Praise and lament stand together as the right way to look at God’s work in the world. The celebration of women being ordained, women leading, and a church nearing seventy five years of life gives real reason to rejoice. The unfinished work still calls for lament, because the field shows mixed results. The good is real, and the weeds are real too.
Jesus gives the parable of the weeds as a picture of a good master, a good field, good seed, and a deeply confusing mess. The servants know the master only sows good seed, so the weeds make them ask, “Sir, didn’t you sow good seed in your field? Where then did the weeds come from?” Their question presses right into the character and methods of the master, but it does not come from rebellion. Their question comes from trust, because they know the master is safe enough to ask.
The parable treats that kind of upsetness as spiritually appropriate. Brokenness in the world should rile up God’s people. A clean little life, with no mud on the shoes and no scratches from the field, may show that the servants are not close enough to the mess. “See something, say something” becomes a prayer practice, because the sight of evil should send the servants back to God with honest questions and open hands.
The master refuses the servants’ plan to pull up the weeds, because judgment belongs to God and because pulling too early may damage the wheat. God’s patience is not weakness. The messy middle is mercy, because God is allowing time for people to come to him.
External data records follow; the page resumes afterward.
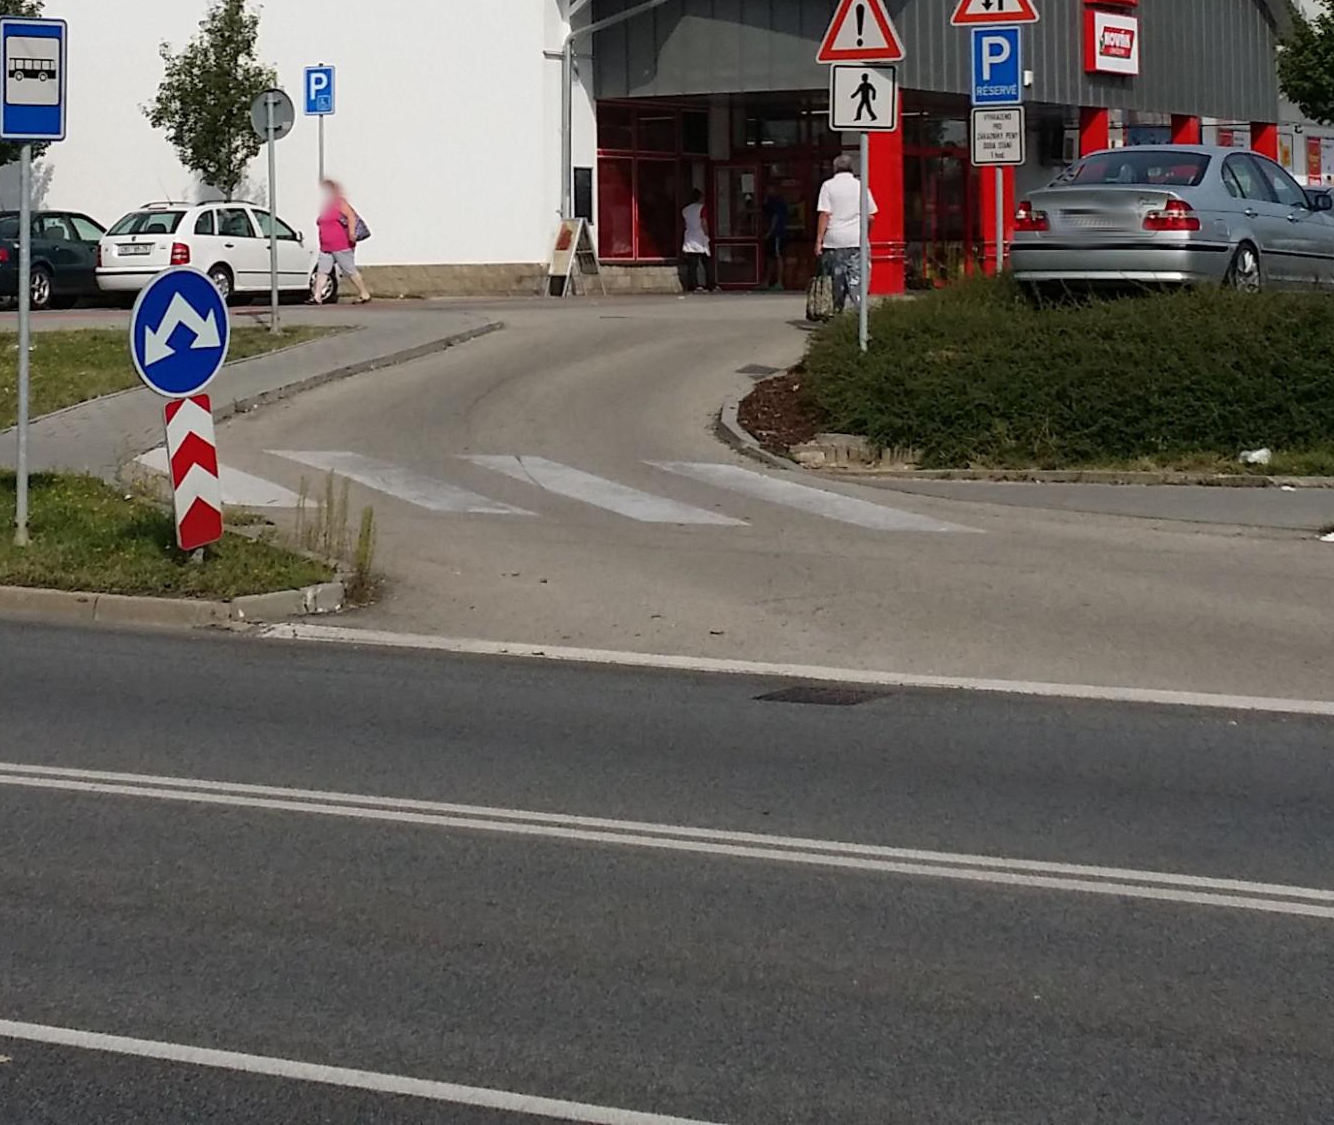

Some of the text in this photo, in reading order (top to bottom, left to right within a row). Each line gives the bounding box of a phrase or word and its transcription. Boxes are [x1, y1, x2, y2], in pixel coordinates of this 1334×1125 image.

[982, 36, 1011, 81] P
[310, 72, 328, 101] P
[976, 83, 1017, 96] RÉSERVÉ
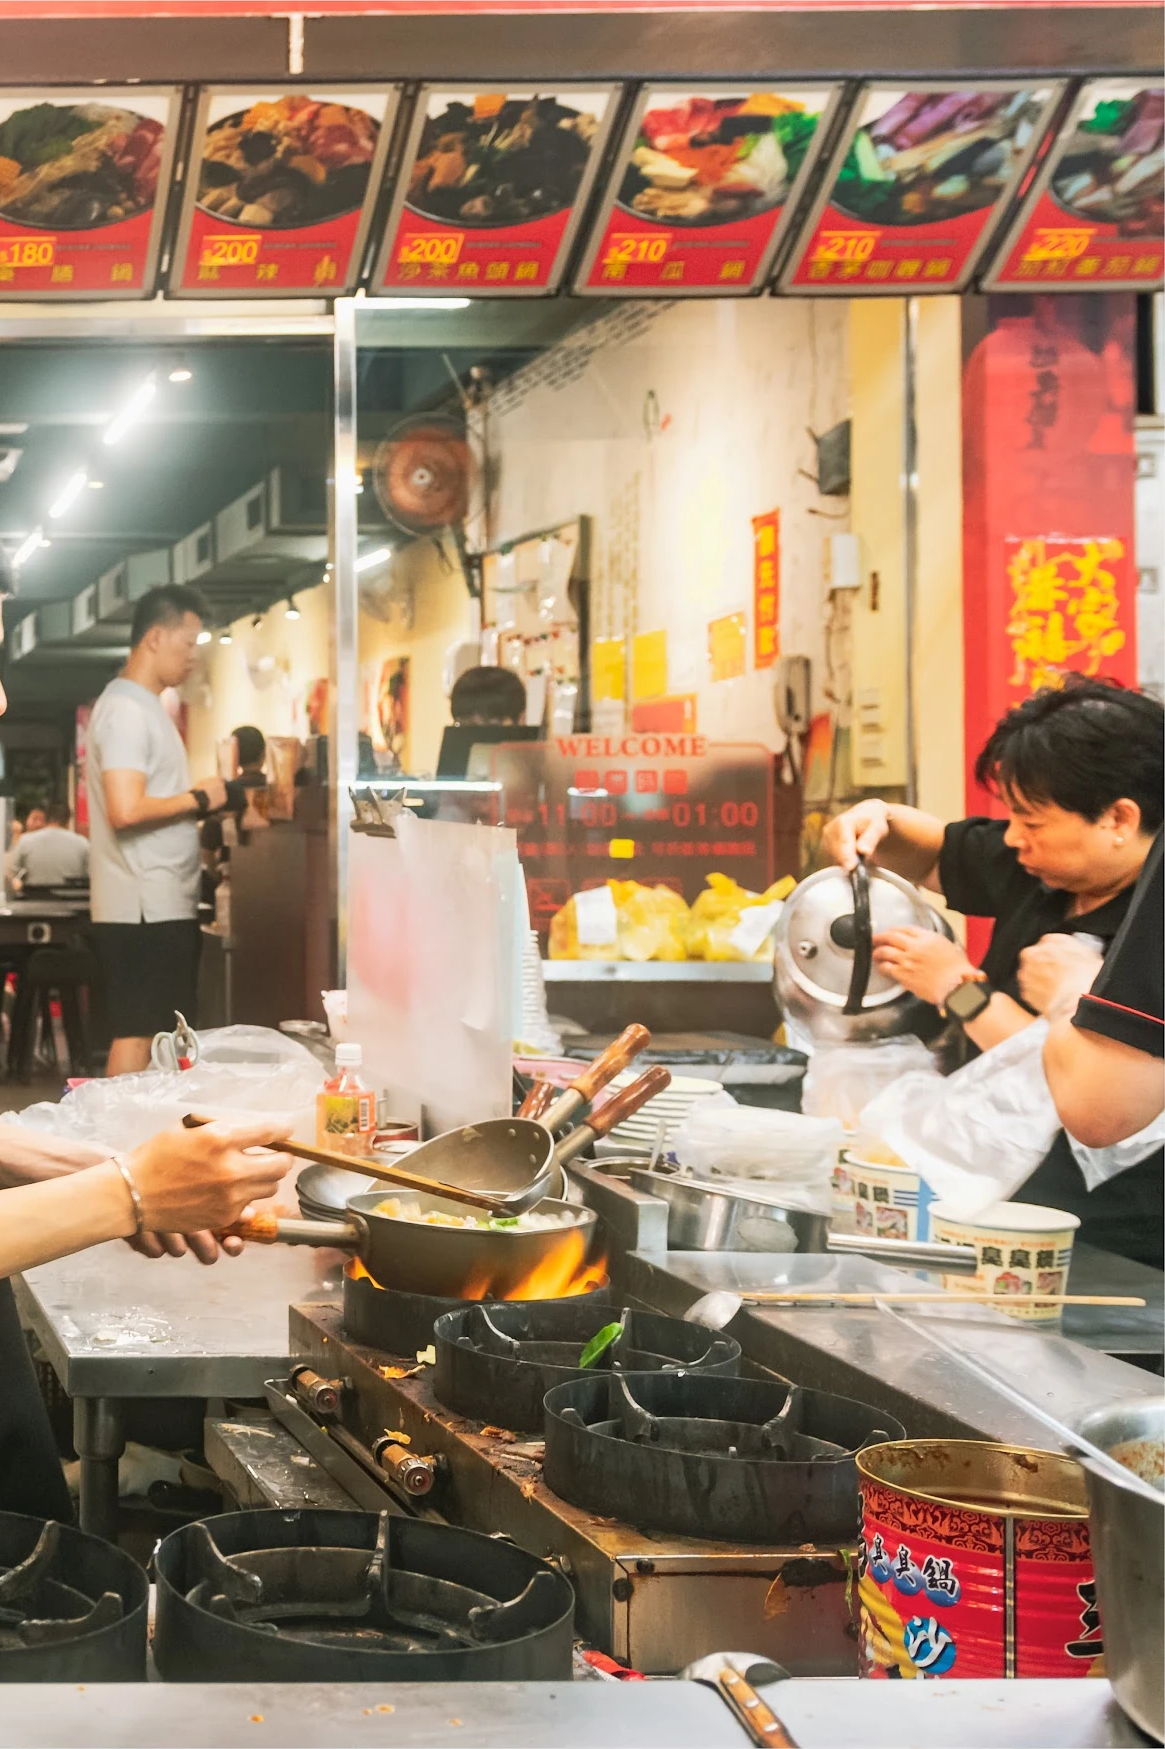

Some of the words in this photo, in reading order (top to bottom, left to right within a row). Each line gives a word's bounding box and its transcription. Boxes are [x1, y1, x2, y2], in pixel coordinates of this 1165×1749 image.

[202, 240, 258, 263] $200
[557, 737, 707, 758] WELCOME
[871, 1532, 958, 1597] 臭臭鍋
The servants are not called to label and yank. The servants are called to nurture, water, fertilize, amend the soil, protect growth, build relationships, listen well, and share the story of Jesus appropriately.
Matthew 13 places the parable of the weeds inside a bigger package of kingdom stories. Matthew 12 shows Jesus confronting the Pharisees, not because he hates them, but because he is pursuing them too. The parable of the sower calls every hearer to become ready soil. The parables of the mustard seed, yeast, treasure, pearl, weeds, and net all hold together the same promise: the kingdom is wildly abundant, and the kingdom is just.
Jesus is already present in the messy places, among children carrying trauma, families under pressure, and people burdened by systems that do not always heal. The Spirit often uses holy upsetness as a clue to calling. God sends his servants back into the field, not to escape the mess, but to trust the master’s goodness and help cultivate an abundant harvest.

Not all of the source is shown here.